TASK ITEM: Return all entries verbatim; skip any pictures.

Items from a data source
####################

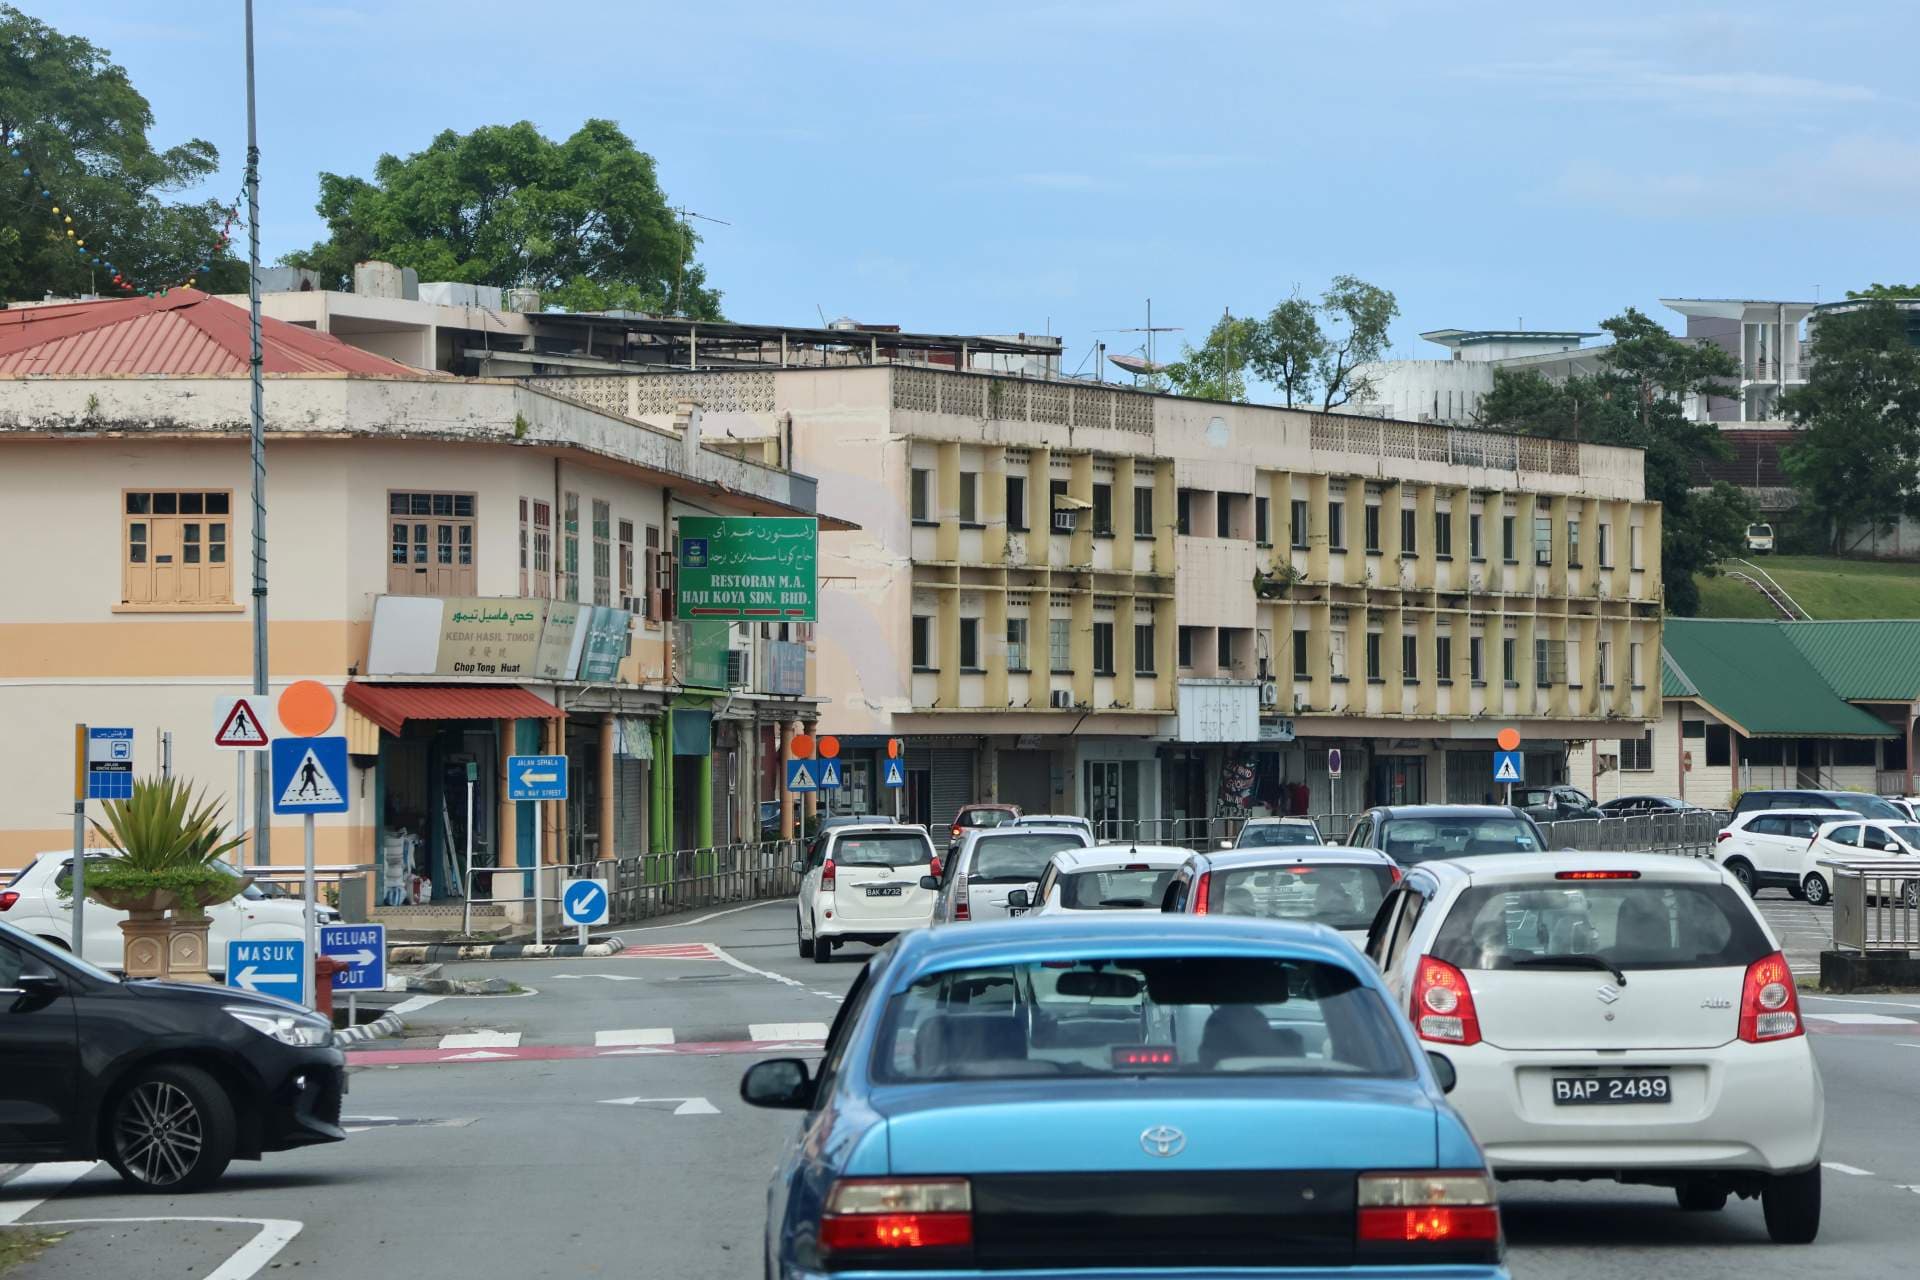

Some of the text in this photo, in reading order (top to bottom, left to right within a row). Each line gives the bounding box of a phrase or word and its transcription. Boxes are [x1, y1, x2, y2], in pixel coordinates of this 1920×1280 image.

[711, 574, 805, 588] RESTORAN M.A.
[682, 591, 811, 605] HAJI KOYA SDN. BHD.
[446, 631, 535, 642] KEDAI HASIL TIMOR
[454, 662, 520, 674] Chop Tong Huat
[541, 789, 561, 797] STREET
[326, 931, 377, 946] KELUAR
[237, 946, 295, 961] MASUK
[339, 970, 365, 984] OUT
[1556, 1079, 1667, 1099] BAP 2489

####################

EXERCISE ANSWER:
Some of the text in this photo, in reading order (top to bottom, left to right within a row). Each line gives the bounding box of a phrase or word and its transcription. Boxes are [x1, y1, x2, y2], in pixel coordinates of this 1920×1280 image.

[711, 574, 805, 588] RESTORAN M.A.
[682, 591, 811, 605] HAJI KOYA SDN. BHD.
[446, 631, 535, 642] KEDAI HASIL TIMOR
[454, 662, 520, 674] Chop Tong Huat
[541, 789, 561, 797] STREET
[326, 931, 377, 946] KELUAR
[237, 946, 295, 961] MASUK
[339, 970, 365, 984] OUT
[1556, 1079, 1667, 1099] BAP 2489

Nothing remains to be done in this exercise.